* ACTION ITEM
I'd like every entry returned exactly as it is, with the images left out.

* EXERCISE MATERIAL
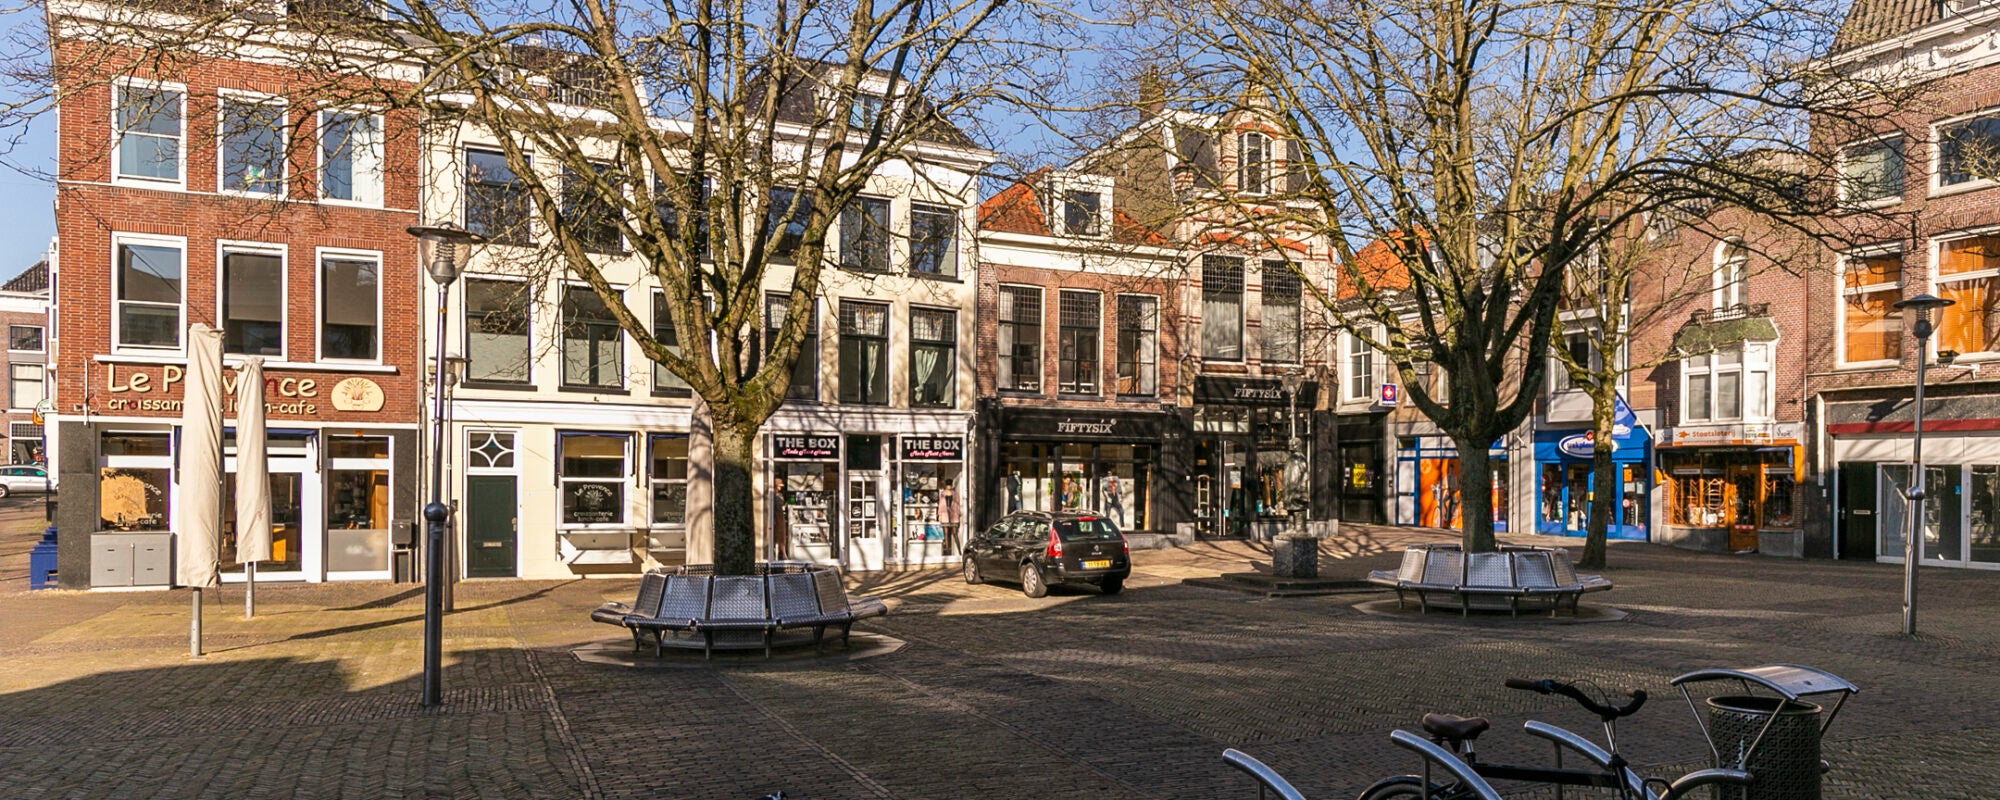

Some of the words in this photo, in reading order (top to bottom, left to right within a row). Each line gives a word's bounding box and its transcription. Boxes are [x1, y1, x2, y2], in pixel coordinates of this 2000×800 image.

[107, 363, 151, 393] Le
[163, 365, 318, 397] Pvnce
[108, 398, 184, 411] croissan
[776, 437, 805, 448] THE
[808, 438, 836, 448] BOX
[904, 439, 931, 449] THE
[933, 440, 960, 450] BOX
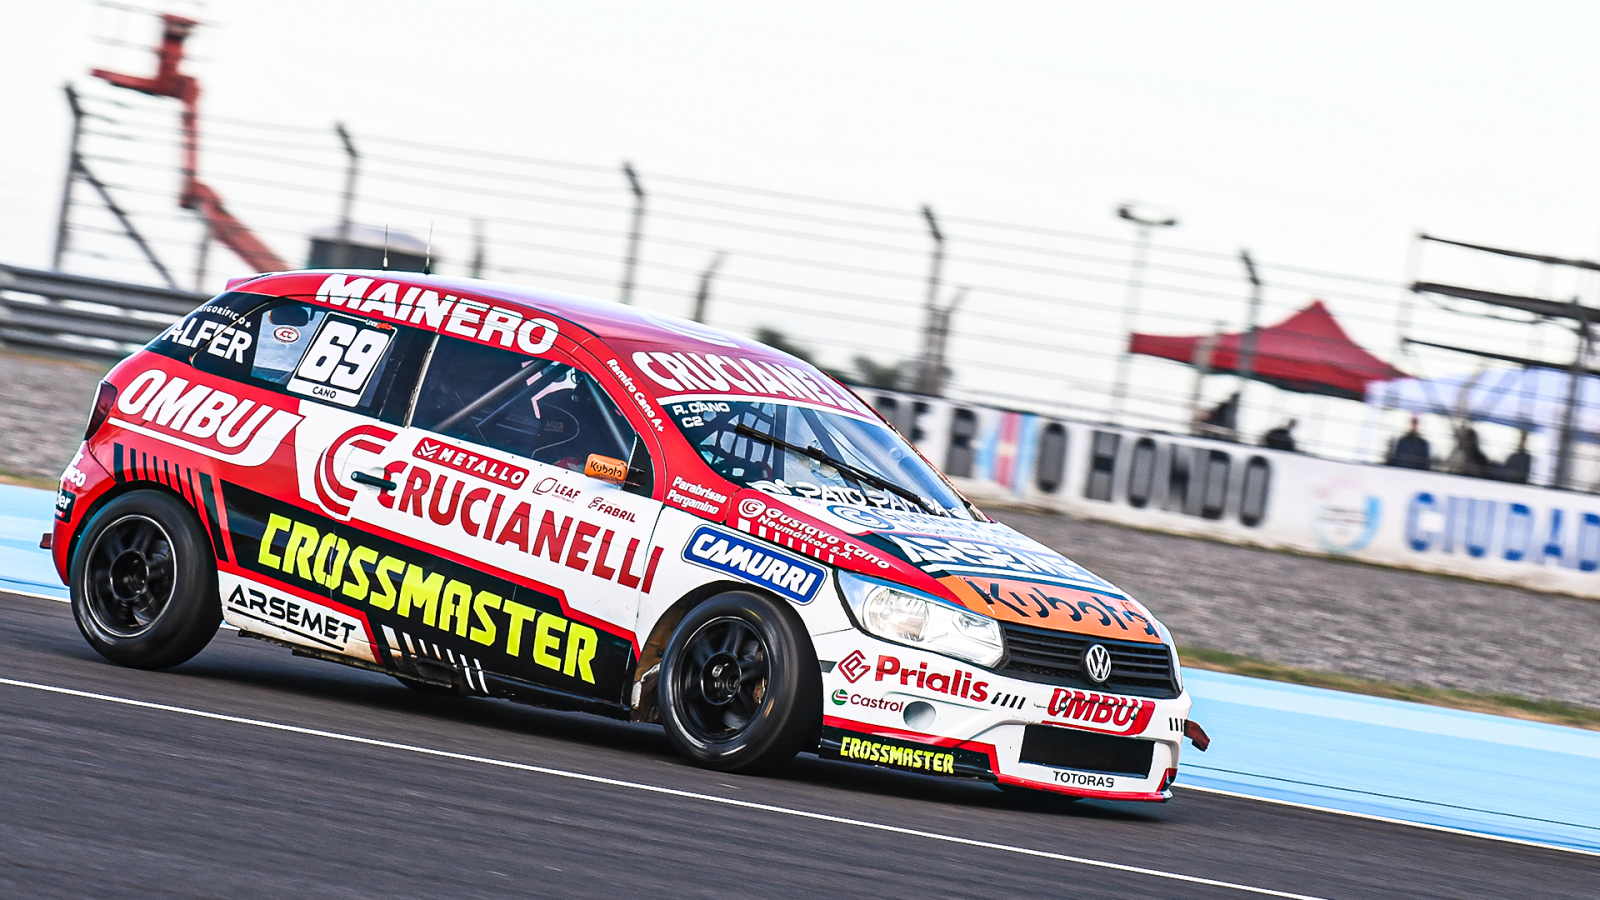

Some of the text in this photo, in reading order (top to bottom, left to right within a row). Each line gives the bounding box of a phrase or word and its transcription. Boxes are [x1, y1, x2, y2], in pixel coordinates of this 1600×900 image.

* RESPONSE FOR THIS EXERCISE
Some of the words in this photo, in reading order (top to bottom, left to right within a row). Each line gives a word's bounding box and its transcription. Boxes are [x1, y1, x2, y2], in pixel coordinates of this 2000×800 image.

[107, 363, 151, 393] Le
[163, 365, 318, 397] Pvnce
[108, 398, 184, 411] croissan
[776, 437, 805, 448] THE
[808, 438, 836, 448] BOX
[904, 439, 931, 449] THE
[933, 440, 960, 450] BOX

Some of the text in this photo, in reading order (top to bottom, left to right within a row). Each line gives the bounding box of a phrase or word and its transcription. Boxes are [x1, y1, x2, y2], in pixel coordinates of this 1600×900 image.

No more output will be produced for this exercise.